第9話:届かない声
さくらの世界は、静かに歪んでいた。
現実と幻の境界は曖昧で、母親の予測不能な感情の波に揺られながら、
息を潜めて日々をやり過ごす。
心を繋ぎ止められるのは、ポテトと話す時間だけだった。
学校では、友達の会話も遠くに聞こえる。
気づけば授業中に、意識を空想の海へ解き放っていた。
◇
ある日の放課後。
いつものように図書館の隅、
床に直接座り込み、膝に抱えた本の世界へ沈んでいた。
不意に、肩を優しく叩かれる。
びくっとして振り返ると、
クラス委員長が真っ直ぐな瞳でこちらを見ていた。
「さくらさん、最近、授業中もぼーっとしてることが多いけど…
何かあったの?」
視線から逃げるように目を伏せ、少し戸惑いながら答える。
「ううん…別に、何でもないよ」
「でも、先生も心配してたよ。
もし何かあるなら、私でよかったら話を聞くよ?」
その言葉が純粋な善意から来ているとわかっても、
この歪みをどう説明すればいいのか――
理解されるはずがない、という諦めが思考を鈍らせる。
そのとき、頭の中に悍ましい声が響いた。
《誰も信じるな。信じちゃいけない》
さくらは唇を固く結び、
自分でも驚くほど冷たい言葉が口をついた。
「……ほっといて」
委員長は一瞬だけ傷ついたように目を見開き、
それでも凛とした表情で優しく言った。
「そっか、ごめんね。
でも、私はさくらさんのこと、誤解されやすいだけだと思ってる。
もし気が向いたら、いつでも声をかけて。

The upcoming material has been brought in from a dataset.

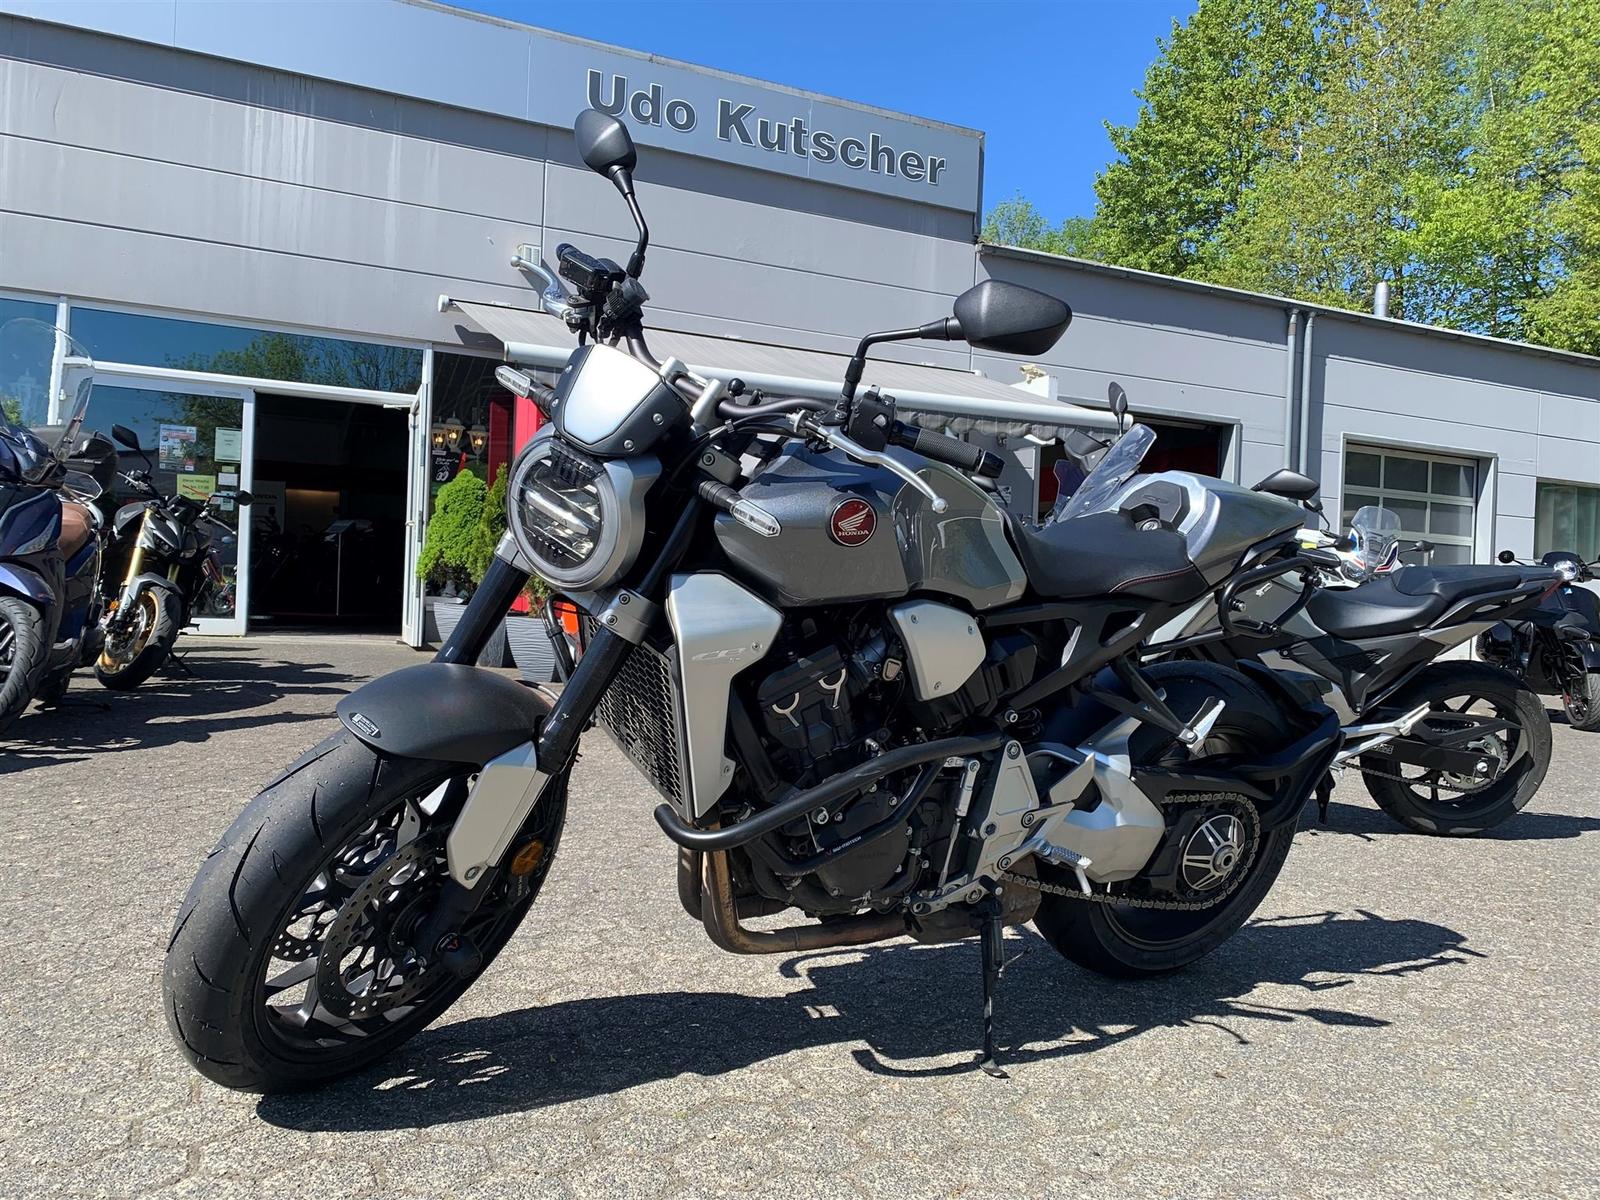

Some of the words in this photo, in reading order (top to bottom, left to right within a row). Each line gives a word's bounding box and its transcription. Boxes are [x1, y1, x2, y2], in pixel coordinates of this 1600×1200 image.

[586, 69, 697, 132] Udo
[716, 98, 946, 185] Kutscher
[838, 529, 869, 537] HONDA

待ってるから」
柔らかな微笑みを残し、委員長は去った。
背中が見えなくなるまで、
さくらは、悔いと戸惑いを抱えたまま、動けなかった。
「待ってるから」
という言葉が、呪いのように頭で反響する。
信じてはいけない。
期待すれば、また傷つくだけ。
そう言い聞かせても、委員長の穏やかな声が耳から離れない。
《ほら、やっぱりみんな、お前を変だと思ってるんだ。
誰も理解なんてしてくれない》
悍ましい声が嘲笑する。
さくらは、開いていた本を乱暴に閉じ、
棚に戻すこともせず、何かに追われるように図書館を出た。
◇
家に帰ると、リビングから機嫌の良さそうな母の鼻歌が聞こえた。
今日は「良い日」らしい。
靴を脱ぐのももどかしく、息を殺して階段を駆け上がる。
自分の部屋に飛び込み、ドアに鍵をかける。
水槽の前に崩れ落ちるように座り、か細い声で呼びかけた。
「ポテト……」
岩陰から、心配そうな声が返ってくる。
「どうしたんだい?さくらちゃん」
俯きながら、指先でスカートの裾をいじる。
そして、今日の出来事を途切れ途切れに話した。
「……どうしよう。
委員長が、私の味方だって。待ってるって…」
「すごい!それはラッキーチャンスだよ!
難しく考えすぎだよ、さくらちゃん」
ポテトはヒレをぱたぱたと動かし、
明るい声で続けた。
「『ありがとう』――たった五文字の魔法の言葉さ。
それを言うだけでいいんだ」
「笑顔で言えたら、魔法の力は何倍にもなる!
次は、勇気を出して言ってみてごらん」
さくらはしばらく黙って、その言葉を反芻した。
やがて顔を上げ、迷いの残る瞳で、小さく、しかしはっきりと頷く。
「……わかった。
ポテトが言うなら、やってみる」
「うん。きっと君の魔法は届くよ!」
さくらは胸に手を当てた。
冷え切った心に、小さな灯がともるのを感じた。